Students can post their coursework to their own personal blogs while simultaneously publishing their assignments to the collective course blog.

That way, the shared projects can be seen at all campuses, Groom said, allowing each participant to expose work across all four schools.

Groom, who said he was “blown away” by Whitman when he originally discovered the poet in his freshman American literature class at George Mason University, says the course will also make use of digital technology such as flipcams, Flickr, Youtube, Wikis, and Twitter.

“The thing that gets lost online is banter,” Groom said, adding that the use of Twitter in addition to the blogs allows for banter and community to blur and build additional academic space.

“Twitter is another way of managing a distributed conversation,” Groom said.

Groom explained the blog is more formal, where more academic work may happen, while Twitter enables others outside of the class to comment, learn and be involved with the project.

Scanlon said it will be interesting to see how the class’s relationship with Whitman evolves based on the use of digital technology.

Students at each university will be required to post on the course blog, comment on other participant’s blog posts, including posts made by students at other universities, annotate different editions of “Leaves of Grass,” and work on other projects relating to Whitman in a geographical context.

In November, students at each university will use flipcams to record and post a video about their own relationship with Whitman by reading an excerpt of Whitman’s work in the place where the student discovered Whitman.

The “My Walt Whitman” assignment, Scanlon explained, is not just about place, but about time as well, and how students perceive the poet in 2009 in a specific place, such as Fredericksburg.

Earnhart said that by taking the course, students have the opportunity to obtain a deep knowledge of Whitman through the use of technology.
“Whitman himself was on the cutting edge of technology during his time,” Earnhart said, likening Whitman to someone today involved with computer programming by citing the poet’s use of the printing press to set his own print.

Junior Erin Longbottom, an English major, decided to register for the class after hearing classmates talking about the course and reading the course description.

“Everything about the class was totally different from anything I’d done as an undergraduate so far,” she said, adding, “I felt like if I didn’t take this class I’d be missing something really cool.”

Longbottom began reading Whitman’s poetry  when she was younger, after watching the movie Dead Poet’s Society, which references the poet.
Besides a desire to learn more about Whitman, the course’s emphasis on technology appealed to Longbottom.

“I have an active interest in sharing technology on the internet…so combining the study of a classic American poet with blogging and other technology was something too good to pass up for me,” she said.

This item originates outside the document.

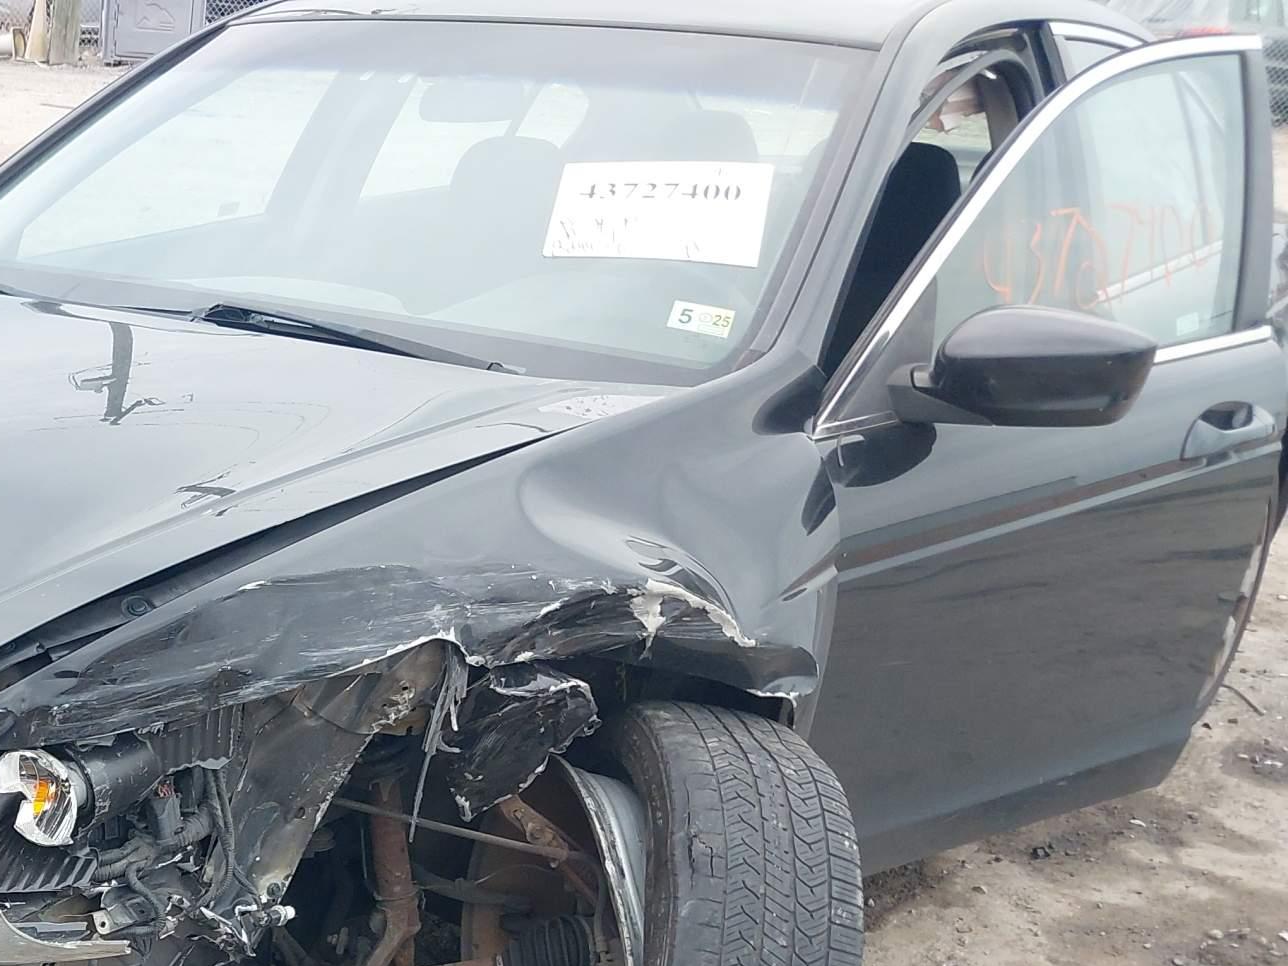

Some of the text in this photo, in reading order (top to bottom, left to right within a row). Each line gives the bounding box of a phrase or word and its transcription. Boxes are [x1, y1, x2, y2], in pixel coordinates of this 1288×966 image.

[579, 182, 743, 201] 43727400
[677, 308, 732, 328] 5 25

Longbottom said using digital technology, such as Twitter and blogs, will allow for a free flow of ideas among students and professors while also putting the course on a global scale, because it enables anyone to see what the class is doing and thinking relating to the Whitman project.

“I think Twitter is going to be a really good tool as far as that goes, because so many people can quickly reply to something we post there. It’s a moment by moment account of what we’re experiencing, and especially when we go on field trips and work on projects, it’s going to be interesting to see a play by play of what everyone is thinking and feeling as we go through the class,” she said.

Scanlon said Gold applied for an initial grant in 2007 to fund planning the course, while the most recent grant awarded was used for additional funding for activities, such as the course fieldtrips.

Faculty members from each university met in the months leading up to the course launch and took part in a round table discussion at a Modern Language Association convention to discuss the grant and plan course details.

Next spring, Scanlon said the four universities participating in the project hope a student conference can be held where all the class participants can meet each other and further discuss the courses and Whitman and his poetry in relation to geographical place.